The first book I read was The Forgotten Man by Amity Shlaes. It's a somewhat rambling, but interesting history of The Great Depression told from a very anti-FDR point of view. The story she tells is one of how incessant and inconsistent meddling (starting with Hoover) brought about great uncertainty which made it impossible for the economy to recover. In her narrative, it wasn't until FDR signaled his willingness to work with business again in 1940 in order to win the war that the country was finally able to recover. These arguments are similar to those put forth by some modern economists and the book does serve as a useful counterweight to the prevailing theory that FDR was a saint and a hero and that things would've been even worse without his bold and visionary actions.

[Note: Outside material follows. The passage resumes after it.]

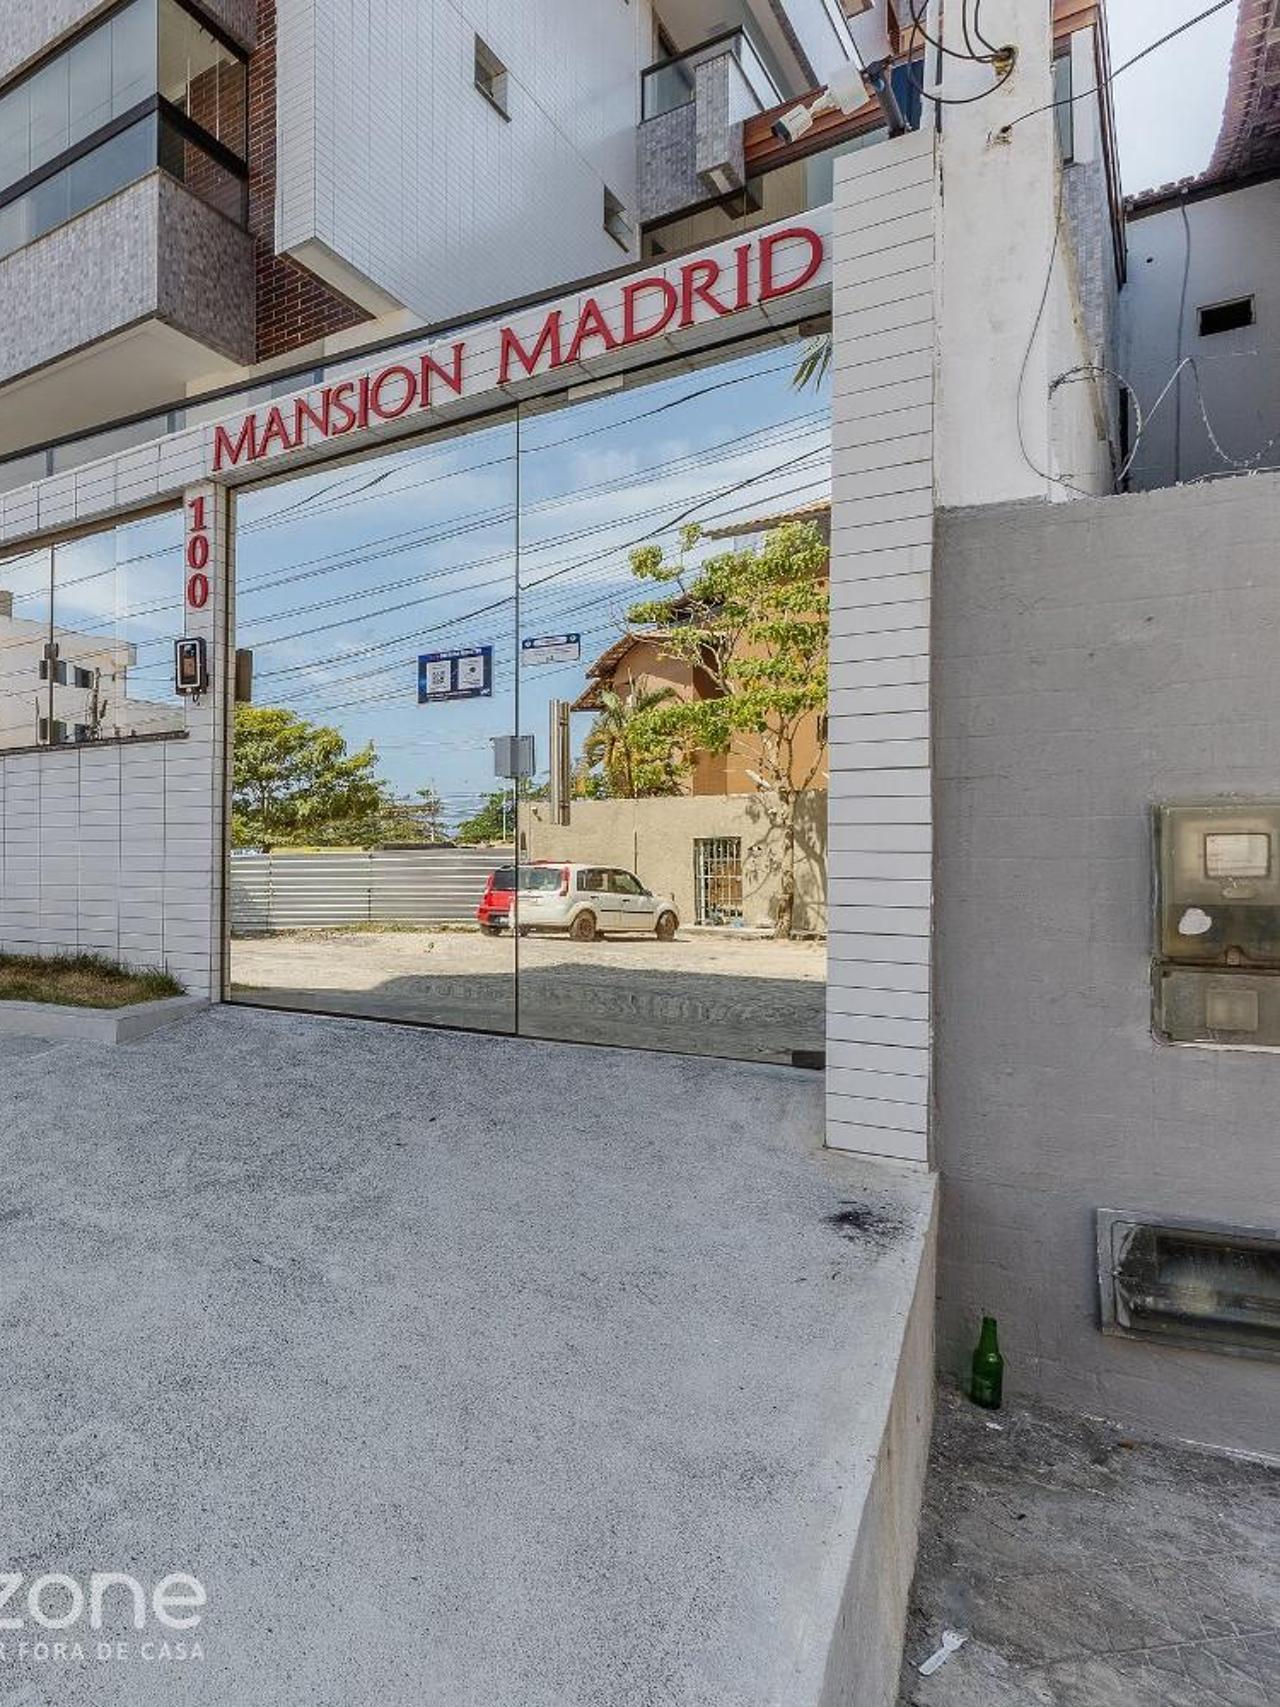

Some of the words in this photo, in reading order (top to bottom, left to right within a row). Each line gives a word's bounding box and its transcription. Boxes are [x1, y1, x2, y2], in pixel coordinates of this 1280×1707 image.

However, I don't recommend this book. Not because there's anything wrong with it or it's poorly written. The problem is that Conservatives and Libertarians probably won't find enough new in its pages to make it worth the effort to read while those more to the Left will likely reject its narrative out-of-hand. For those independents who haven't yet formed a strong opinion and want to learn more, then perhaps The Forgotten Man is a useful addition to their reading lists.
Much the same could be said for the second book I read this week: Liberty and Tyranny by Mark Levin. It won't change anybody's mind about anything either. Unlike Shlaes book, this one is a much easier read - very direct and concise. I'm still quite surprised that it became a New York Times and Amazon bestseller (I bought it out of curiosity because of its popularity). I'm now wondering if everybody else bought it just because it was a bestseller. In other words, I don't recommend this book either.
I'm currently working on A Conflict of Visions by Thomas Sowell. So far this is a really, really good book. Indeed, it has a shot at becoming my number 2 all time favorite (number 1 is The Fatal Conceit). I'll post again sometime after I've finished it.